Causas y tratamientos disponibles en la farmacia
Es muy común notar que durante los meses fríos del año el pelo se cae con más frecuencia. Si has observado más cabellos en el cepillo, en la almohada o al ducharte, no estás sola. La caída del cabello en invierno es un fenómeno habitual, y aunque puede preocupar, en la mayoría de los casos tiene solución.
A continuación, te explicamos por qué ocurre esta caída estacional, qué factores la agravan y qué opciones existen para fortalecer el cabello desde la farmacia.
¿Es normal perder más pelo en invierno?
Sí, es completamente normal. El cabello tiene un ciclo de vida dividido en tres fases: crecimiento (anágena), transición (catágena) y caída (telógena). Durante el otoño y el invierno, es más frecuente que una mayor cantidad de folículos entren en la fase de caída.
Esto puede deberse a varios factores fisiológicos y ambientales, y suele tratarse de una caída temporal, que no debe confundirse con problemas más serios como la alopecia androgenética o patologías del cuero cabelludo.
Principales causas de la caída del cabello en invierno
1. Cambios estacionales
La exposición solar disminuye considerablemente en los meses fríos.

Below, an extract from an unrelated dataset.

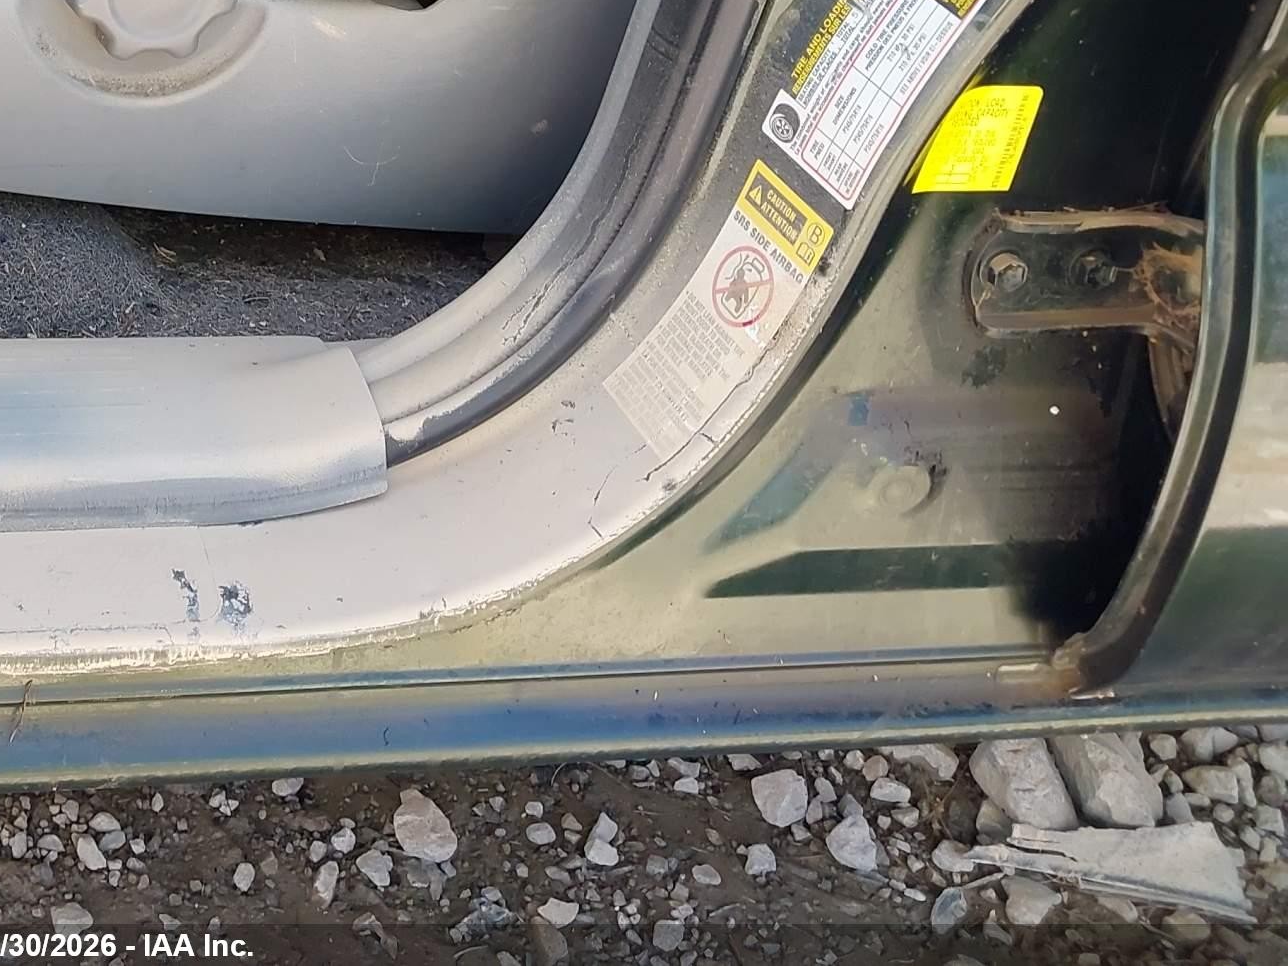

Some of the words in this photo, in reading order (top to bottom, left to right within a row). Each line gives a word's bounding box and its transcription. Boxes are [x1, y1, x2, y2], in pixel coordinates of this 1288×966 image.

Esto puede afectar a la producción de vitamina D, una vitamina que influye directamente en la salud del folículo piloso. Menos luz solar puede significar una ralentización del ciclo de crecimiento capilar.
2. Estrés y fatiga acumulados
El invierno suele venir acompañado de un cambio de ritmo, menor actividad física, menos tiempo al aire libre y, en muchos casos, un aumento del estrés. Todo ello afecta al equilibrio general del organismo y puede desencadenar una caída más acusada del cabello.

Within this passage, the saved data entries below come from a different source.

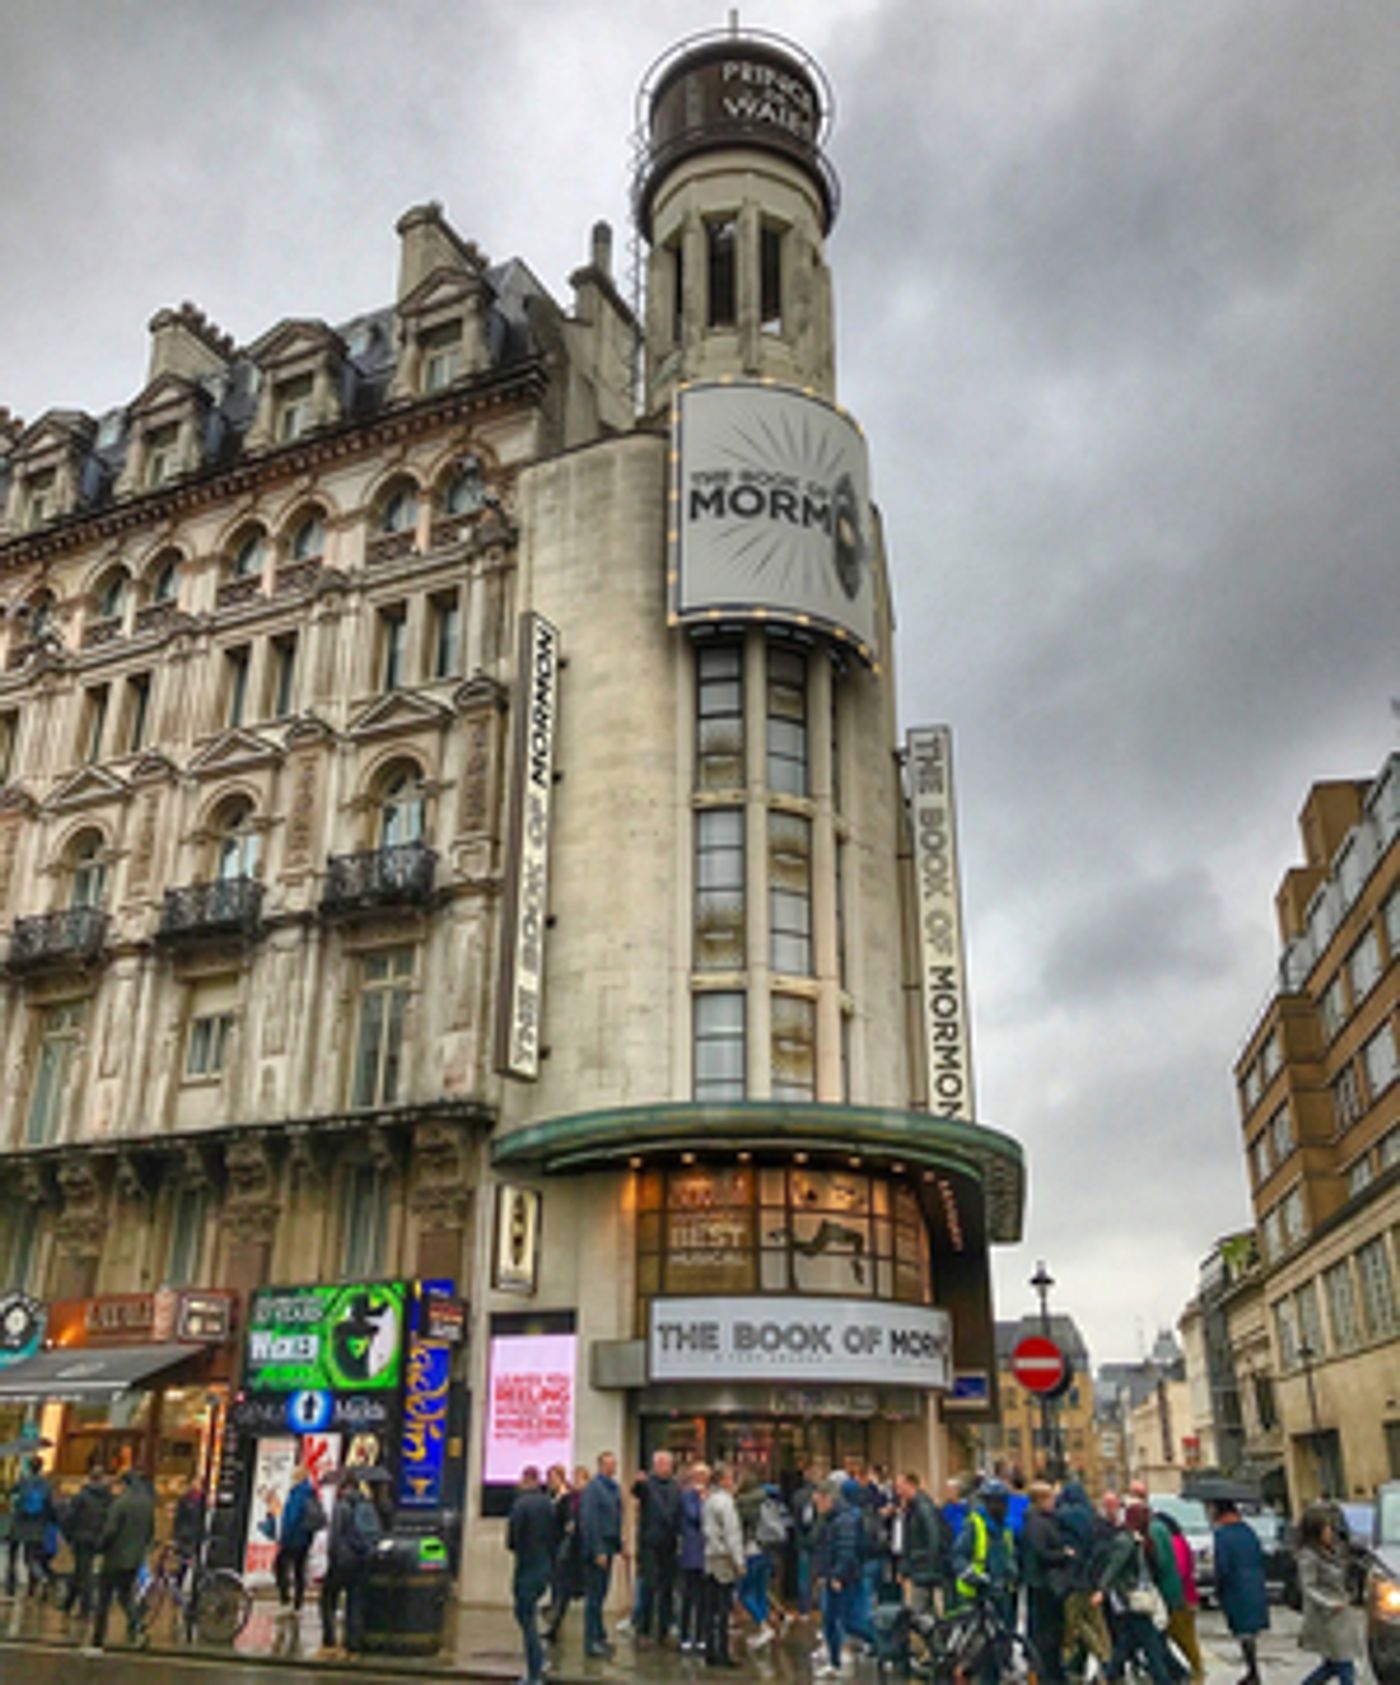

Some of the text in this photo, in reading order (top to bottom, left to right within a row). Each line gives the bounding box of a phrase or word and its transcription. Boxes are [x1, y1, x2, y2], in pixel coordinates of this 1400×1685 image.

[532, 625, 552, 789] MORMON
[915, 734, 943, 794] THE
[919, 807, 951, 898] BOOK
[924, 909, 954, 956] OF
[658, 1323, 720, 1351] THE
[732, 1322, 832, 1354] BOOK
[843, 1325, 882, 1355] OF
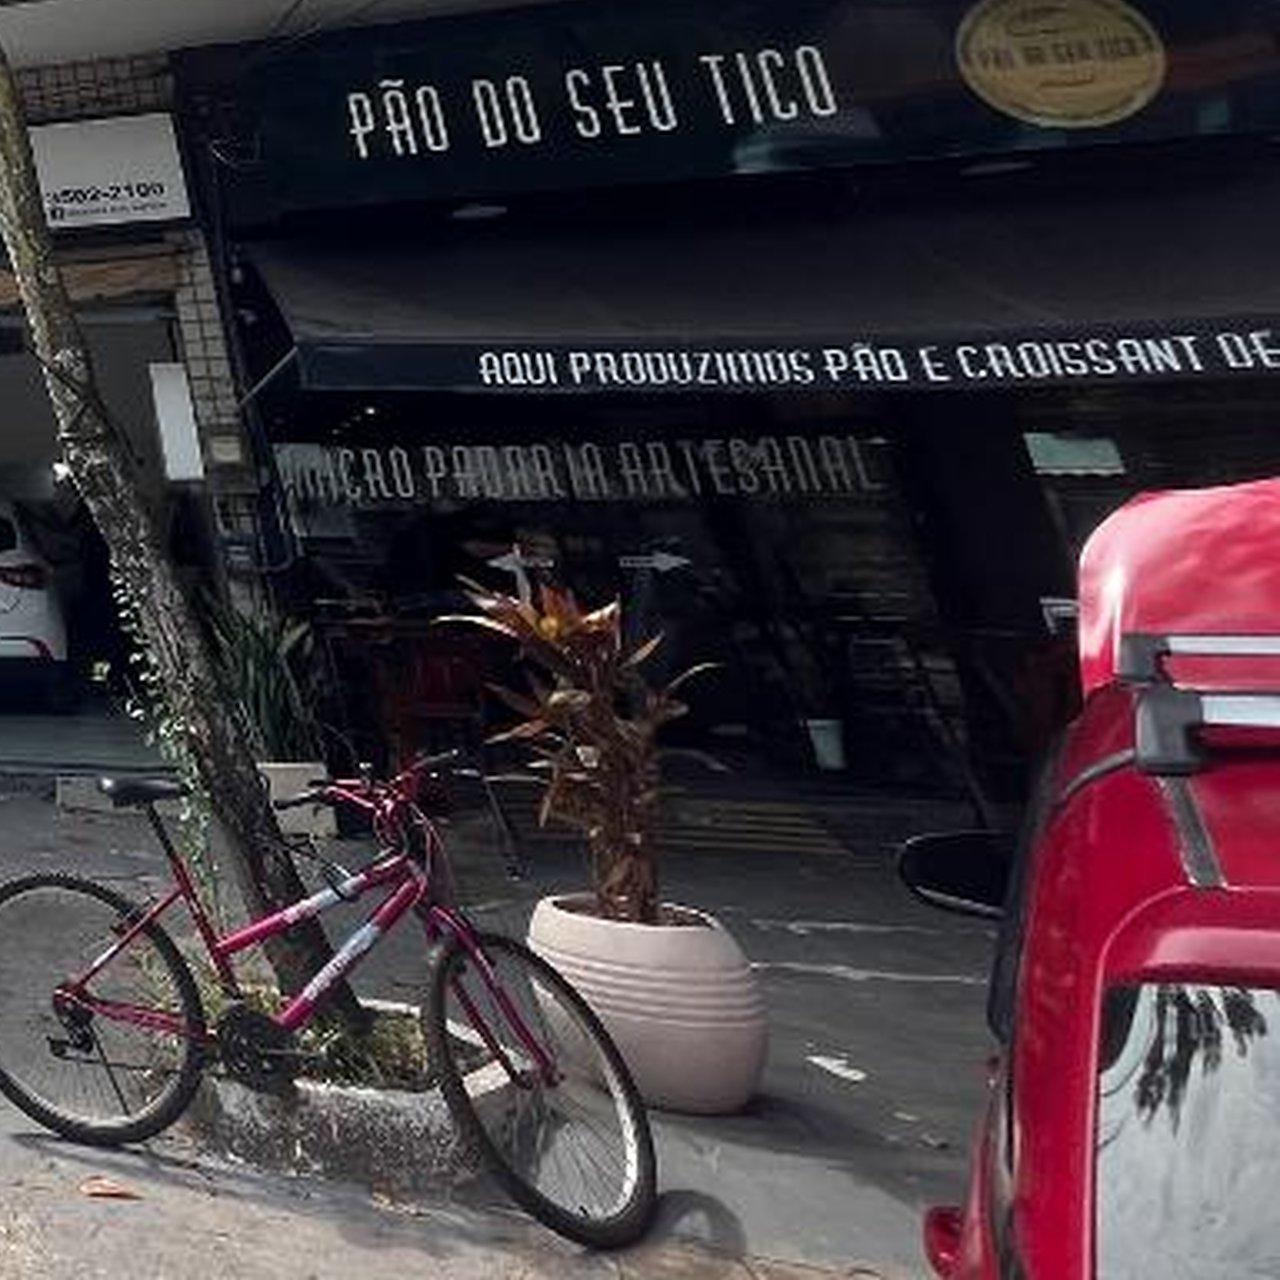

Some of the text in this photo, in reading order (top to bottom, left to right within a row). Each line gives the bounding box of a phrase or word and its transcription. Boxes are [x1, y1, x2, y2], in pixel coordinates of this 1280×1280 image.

3. Alimentación menos variada
Durante el invierno, es común reducir el consumo de frutas y verduras frescas, lo que puede provocar carencias de vitaminas y minerales esenciales para el buen estado del cabello, como el hierro, el zinc o las vitaminas del grupo B.

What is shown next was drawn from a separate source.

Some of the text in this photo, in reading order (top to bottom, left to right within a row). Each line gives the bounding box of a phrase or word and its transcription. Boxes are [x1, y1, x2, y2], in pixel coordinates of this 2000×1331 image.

4. Ambientes secos y calefacción
Los ambientes cerrados y con calefacción resecan tanto la piel como el cuero cabelludo. Esta sequedad puede favorecer la fragilidad del cabello, aumentando la rotura y la sensación de pérdida de densidad.
¿Cuándo hay que preocuparse?
Aunque la caída de cabello estacional suele remitir por sí sola, hay algunos signos que indican que conviene consultar con un profesional:
- Caída intensa y persistente durante más de dos o tres meses
- Claramente visible pérdida de densidad capilar
- Picor, irritación o descamación en el cuero cabelludo
- Antecedentes familiares de alopecia
Detectar a tiempo si se trata de una caída fisiológica o de otro tipo de problema es clave para aplicar el tratamiento adecuado.
Tratamientos disponibles en la farmacia
Desde la farmacia se pueden abordar distintos enfoques para tratar la caída del cabello:
- Complementos alimenticios: ayudan a suplir posibles carencias nutricionales y aportan vitaminas, minerales y aminoácidos esenciales para fortalecer el cabello desde el interior.
- Lociones y ampollas capilares: se aplican directamente sobre el cuero cabelludo para estimular la microcirculación y favorecer el crecimiento.
- Champús y cuidados específicos: pensados para reforzar la fibra capilar, proteger el cuero cabelludo y prevenir la rotura.
- Consejos personalizados: en muchos casos, una orientación adecuada sobre rutinas de cuidado y hábitos diarios puede marcar la diferencia.
Conclusión
La caída del cabello en invierno es algo común, pero no por ello debemos resignarnos. Entender las causas y actuar a tiempo con soluciones sencillas puede ayudarte a mantener un cabello más fuerte y sano durante todo el año. En tu farmacia de confianza puedes encontrar opciones eficaces y recibir el asesoramiento que necesitas para cada caso.